§ INFORMATION:
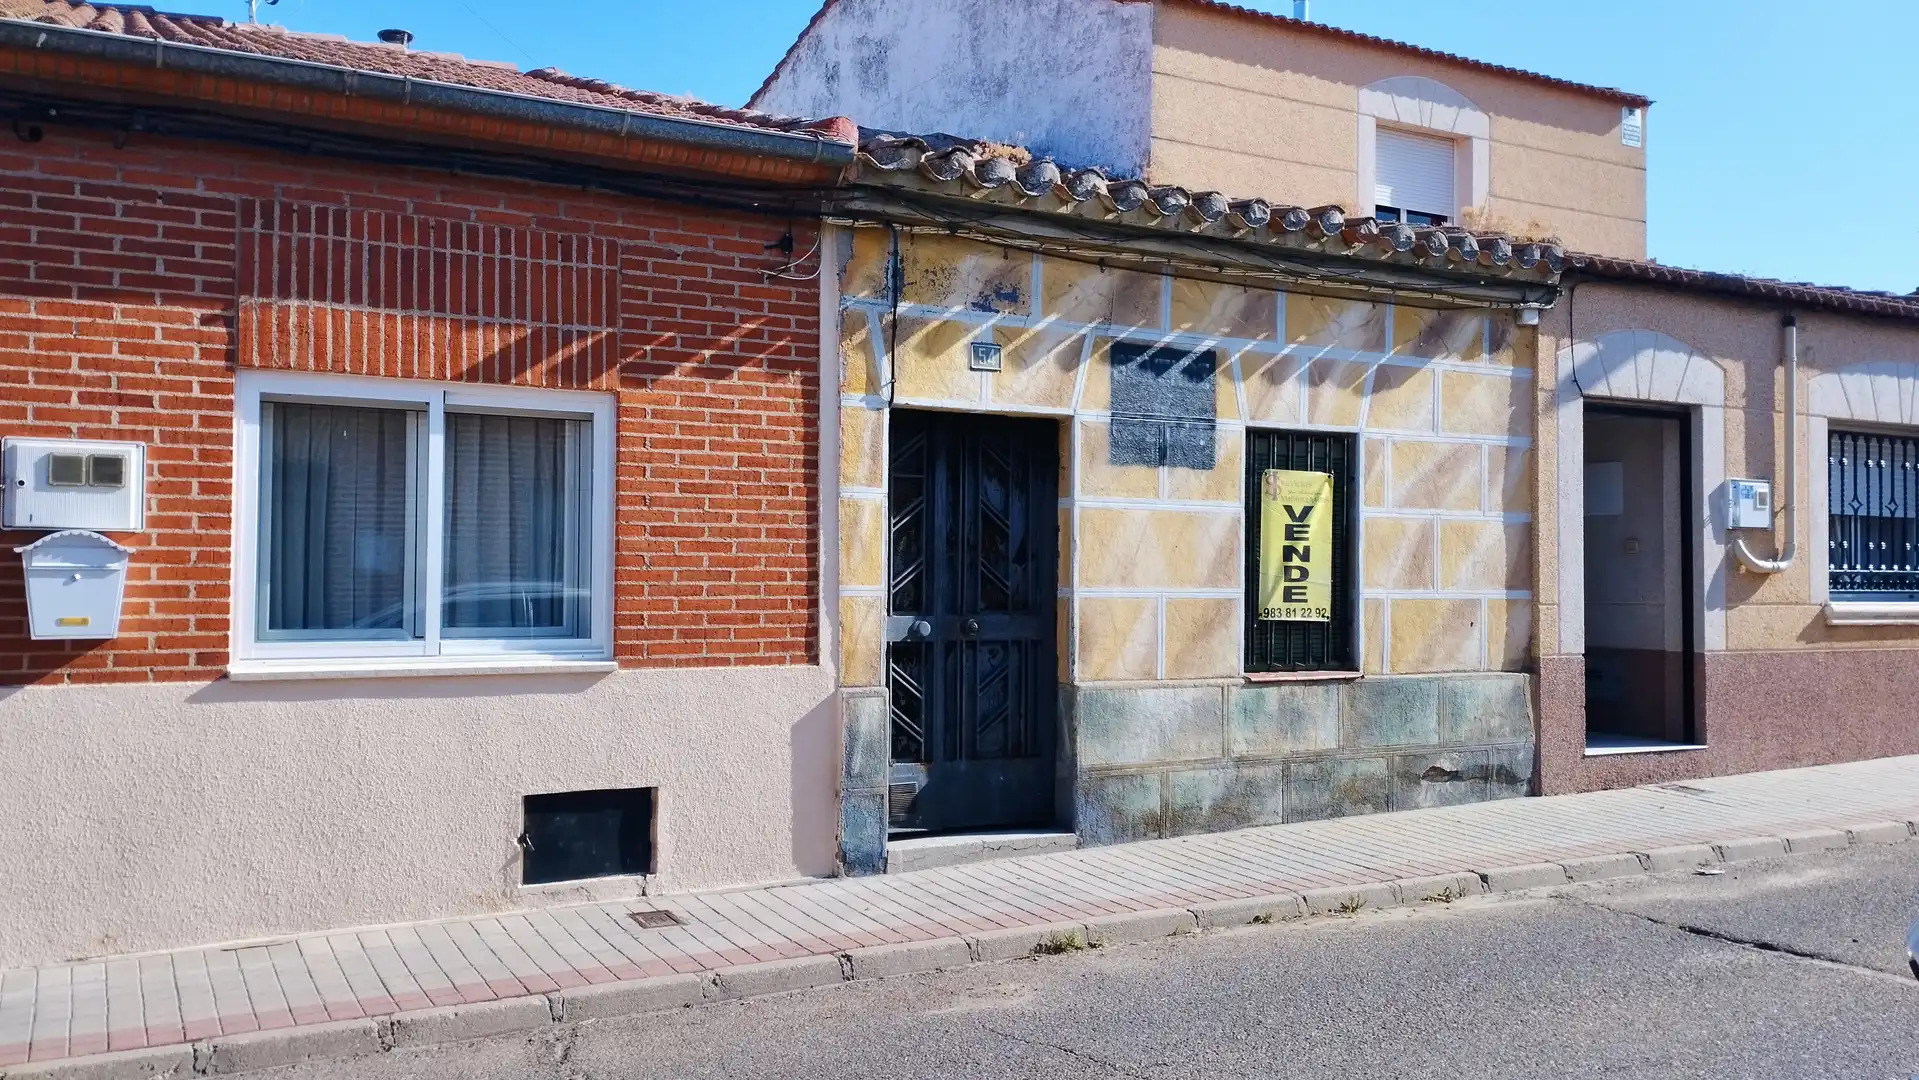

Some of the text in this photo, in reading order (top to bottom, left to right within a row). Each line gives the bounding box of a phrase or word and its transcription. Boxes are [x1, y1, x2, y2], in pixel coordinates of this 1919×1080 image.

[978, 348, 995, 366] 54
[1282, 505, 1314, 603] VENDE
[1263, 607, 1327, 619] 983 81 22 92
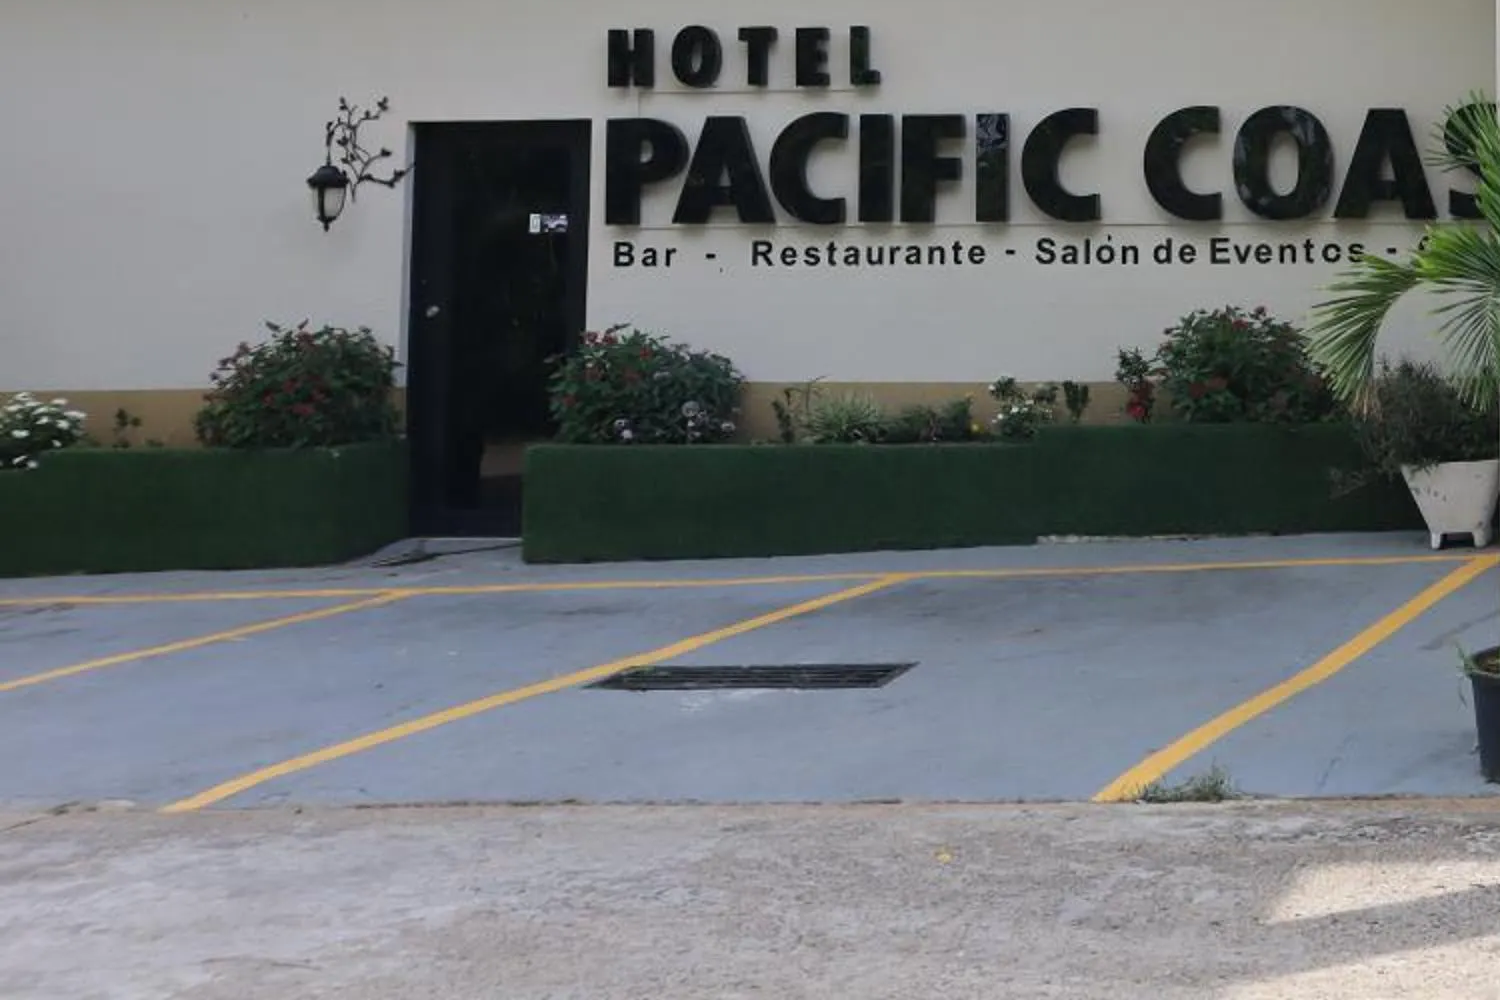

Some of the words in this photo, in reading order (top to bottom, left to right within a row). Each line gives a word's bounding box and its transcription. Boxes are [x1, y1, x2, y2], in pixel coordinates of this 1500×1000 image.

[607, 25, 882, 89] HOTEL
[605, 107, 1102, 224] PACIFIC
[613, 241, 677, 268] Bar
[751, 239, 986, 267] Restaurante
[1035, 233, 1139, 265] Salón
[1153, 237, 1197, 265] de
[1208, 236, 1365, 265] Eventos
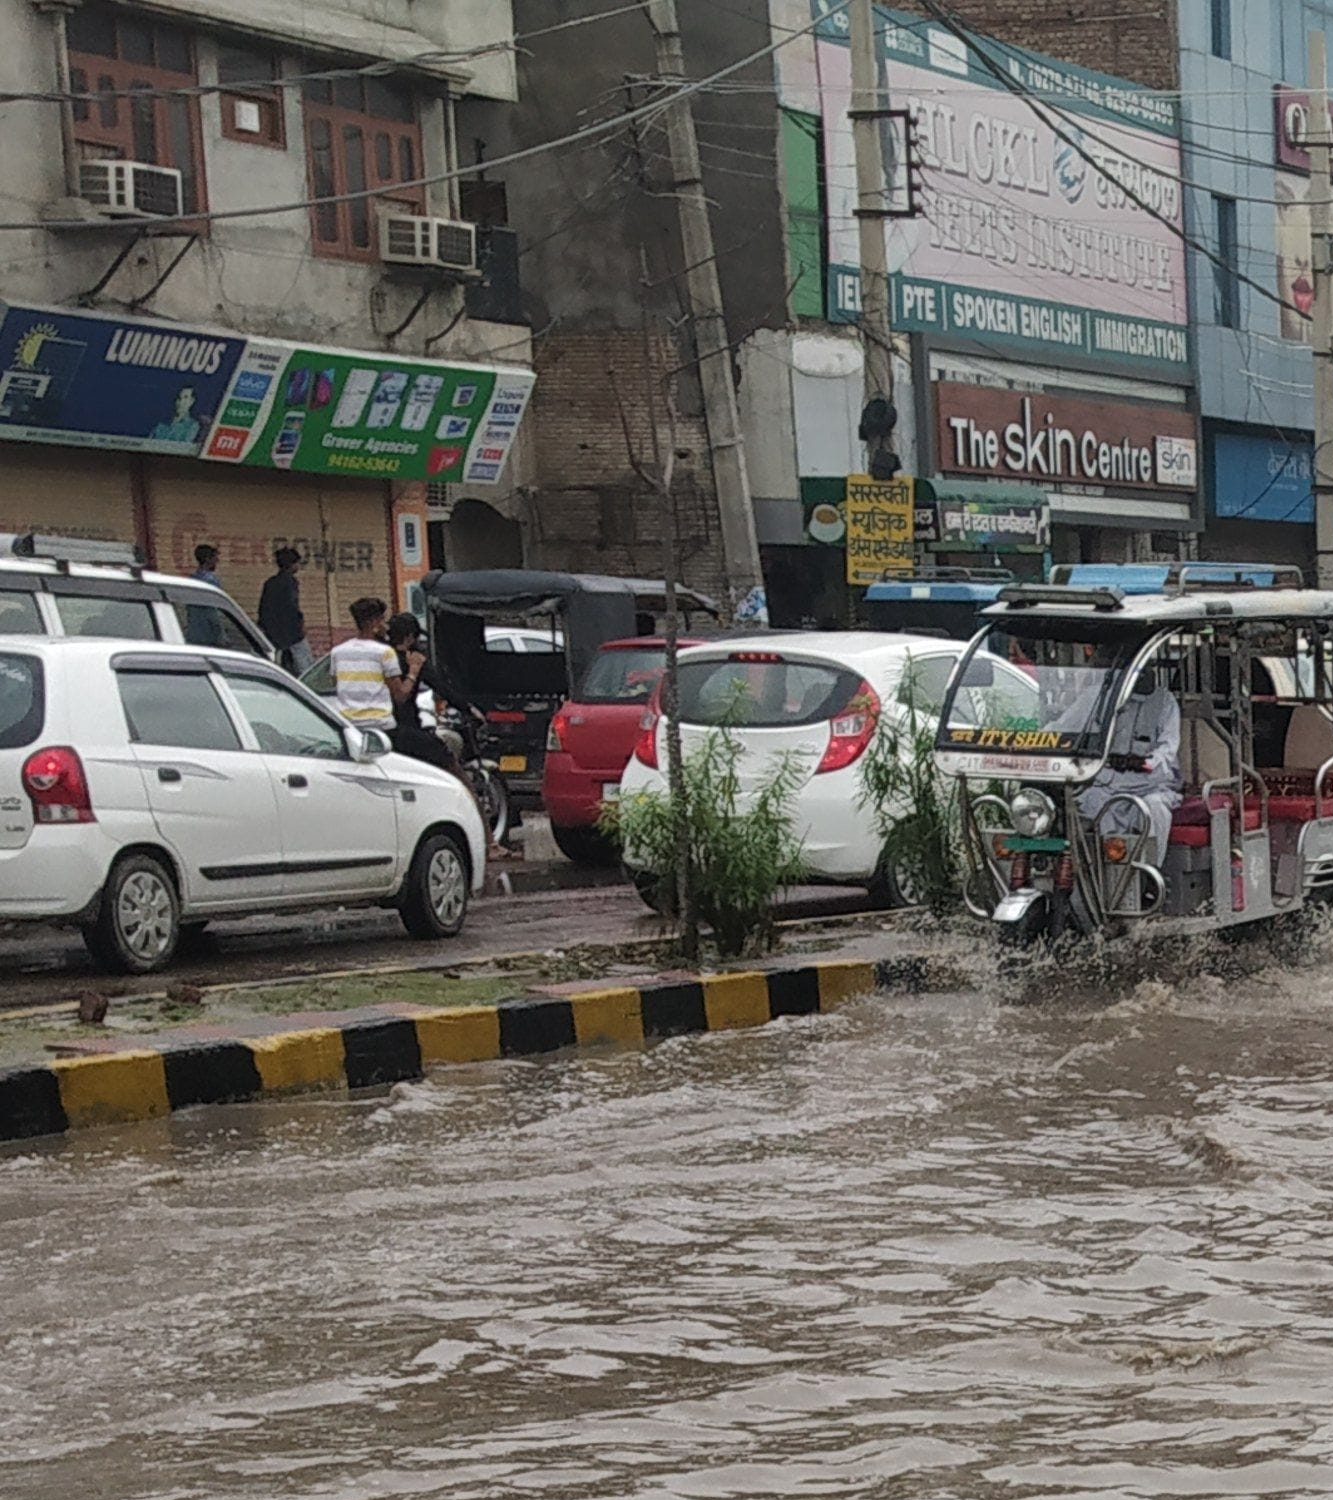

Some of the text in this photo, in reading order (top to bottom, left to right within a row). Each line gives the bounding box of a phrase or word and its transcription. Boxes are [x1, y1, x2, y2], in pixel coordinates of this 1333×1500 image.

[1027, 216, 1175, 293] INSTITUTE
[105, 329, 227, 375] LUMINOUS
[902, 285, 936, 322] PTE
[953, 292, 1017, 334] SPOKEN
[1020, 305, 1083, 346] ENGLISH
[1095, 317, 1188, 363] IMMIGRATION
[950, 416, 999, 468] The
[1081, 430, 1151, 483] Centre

§ WORK TO BE COMPLETED:
Reproduce all entries above exactly, minus the images.

§ COMPLETED EXERCISE:
Some of the text in this photo, in reading order (top to bottom, left to right within a row). Each line gives the bounding box of a phrase or word and its transcription. Boxes are [x1, y1, x2, y2], in pixel coordinates of this 1919×1080 image.

[978, 348, 995, 366] 54
[1282, 505, 1314, 603] VENDE
[1263, 607, 1327, 619] 983 81 22 92

Some of the words in this photo, in reading order (top to bottom, left to right within a row). Each line gives a word's bounding box and its transcription. Boxes are [x1, y1, x2, y2], in pixel coordinates of this 1500×1000 image.

[607, 25, 882, 89] HOTEL
[605, 107, 1102, 224] PACIFIC
[613, 241, 677, 268] Bar
[751, 239, 986, 267] Restaurante
[1035, 233, 1139, 265] Salón
[1153, 237, 1197, 265] de
[1208, 236, 1365, 265] Eventos

Some of the text in this photo, in reading order (top to bottom, left to right within a row). Each line gives the bounding box of a phrase or word and its transcription. Boxes are [x1, y1, x2, y2], in pixel coordinates of this 1333×1500 image.

[1027, 216, 1175, 293] INSTITUTE
[105, 329, 227, 375] LUMINOUS
[902, 285, 936, 322] PTE
[953, 292, 1017, 334] SPOKEN
[1020, 305, 1083, 346] ENGLISH
[1095, 317, 1188, 363] IMMIGRATION
[950, 416, 999, 468] The
[1081, 430, 1151, 483] Centre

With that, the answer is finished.